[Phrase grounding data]
□ □ □ □ □

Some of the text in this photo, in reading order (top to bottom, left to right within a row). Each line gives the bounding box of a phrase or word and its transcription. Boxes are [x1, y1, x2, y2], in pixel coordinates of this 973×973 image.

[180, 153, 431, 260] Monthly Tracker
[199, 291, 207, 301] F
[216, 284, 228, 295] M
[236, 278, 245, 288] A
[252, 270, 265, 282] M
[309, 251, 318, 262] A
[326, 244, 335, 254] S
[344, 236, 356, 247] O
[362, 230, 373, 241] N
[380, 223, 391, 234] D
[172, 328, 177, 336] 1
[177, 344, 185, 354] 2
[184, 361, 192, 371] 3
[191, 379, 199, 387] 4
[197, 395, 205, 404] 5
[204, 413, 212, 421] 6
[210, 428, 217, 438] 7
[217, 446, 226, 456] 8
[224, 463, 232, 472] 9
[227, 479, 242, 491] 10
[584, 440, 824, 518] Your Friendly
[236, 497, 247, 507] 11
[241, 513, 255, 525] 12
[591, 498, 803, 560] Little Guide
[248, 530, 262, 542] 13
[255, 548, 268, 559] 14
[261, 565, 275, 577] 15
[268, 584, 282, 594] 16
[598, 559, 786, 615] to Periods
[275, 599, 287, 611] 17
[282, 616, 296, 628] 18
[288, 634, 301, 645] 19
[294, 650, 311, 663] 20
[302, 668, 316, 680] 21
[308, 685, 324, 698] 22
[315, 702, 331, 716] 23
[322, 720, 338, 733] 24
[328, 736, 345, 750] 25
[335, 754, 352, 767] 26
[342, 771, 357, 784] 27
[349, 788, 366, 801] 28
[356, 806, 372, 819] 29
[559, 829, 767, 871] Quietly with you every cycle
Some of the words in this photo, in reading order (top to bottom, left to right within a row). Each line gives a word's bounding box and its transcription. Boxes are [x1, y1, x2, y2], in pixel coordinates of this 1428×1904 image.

□ □ □ □ □

WORK INSTRUCTION -
Print every line of the records above without a single difference.

WRITTEN REPLY -
Some of the text in this photo, in reading order (top to bottom, left to right within a row). Each line gives the bounding box of a phrase or word and its transcription. Boxes are [x1, y1, x2, y2], in pixel coordinates of this 973×973 image.

[180, 153, 431, 260] Monthly Tracker
[199, 291, 207, 301] F
[216, 284, 228, 295] M
[236, 278, 245, 288] A
[252, 270, 265, 282] M
[309, 251, 318, 262] A
[326, 244, 335, 254] S
[344, 236, 356, 247] O
[362, 230, 373, 241] N
[380, 223, 391, 234] D
[172, 328, 177, 336] 1
[177, 344, 185, 354] 2
[184, 361, 192, 371] 3
[191, 379, 199, 387] 4
[197, 395, 205, 404] 5
[204, 413, 212, 421] 6
[210, 428, 217, 438] 7
[217, 446, 226, 456] 8
[224, 463, 232, 472] 9
[227, 479, 242, 491] 10
[584, 440, 824, 518] Your Friendly
[236, 497, 247, 507] 11
[241, 513, 255, 525] 12
[591, 498, 803, 560] Little Guide
[248, 530, 262, 542] 13
[255, 548, 268, 559] 14
[261, 565, 275, 577] 15
[268, 584, 282, 594] 16
[598, 559, 786, 615] to Periods
[275, 599, 287, 611] 17
[282, 616, 296, 628] 18
[288, 634, 301, 645] 19
[294, 650, 311, 663] 20
[302, 668, 316, 680] 21
[308, 685, 324, 698] 22
[315, 702, 331, 716] 23
[322, 720, 338, 733] 24
[328, 736, 345, 750] 25
[335, 754, 352, 767] 26
[342, 771, 357, 784] 27
[349, 788, 366, 801] 28
[356, 806, 372, 819] 29
[559, 829, 767, 871] Quietly with you every cycle
Some of the words in this photo, in reading order (top to bottom, left to right within a row). Each line gives a word's bounding box and its transcription. Boxes are [x1, y1, x2, y2], in pixel coordinates of this 1428×1904 image.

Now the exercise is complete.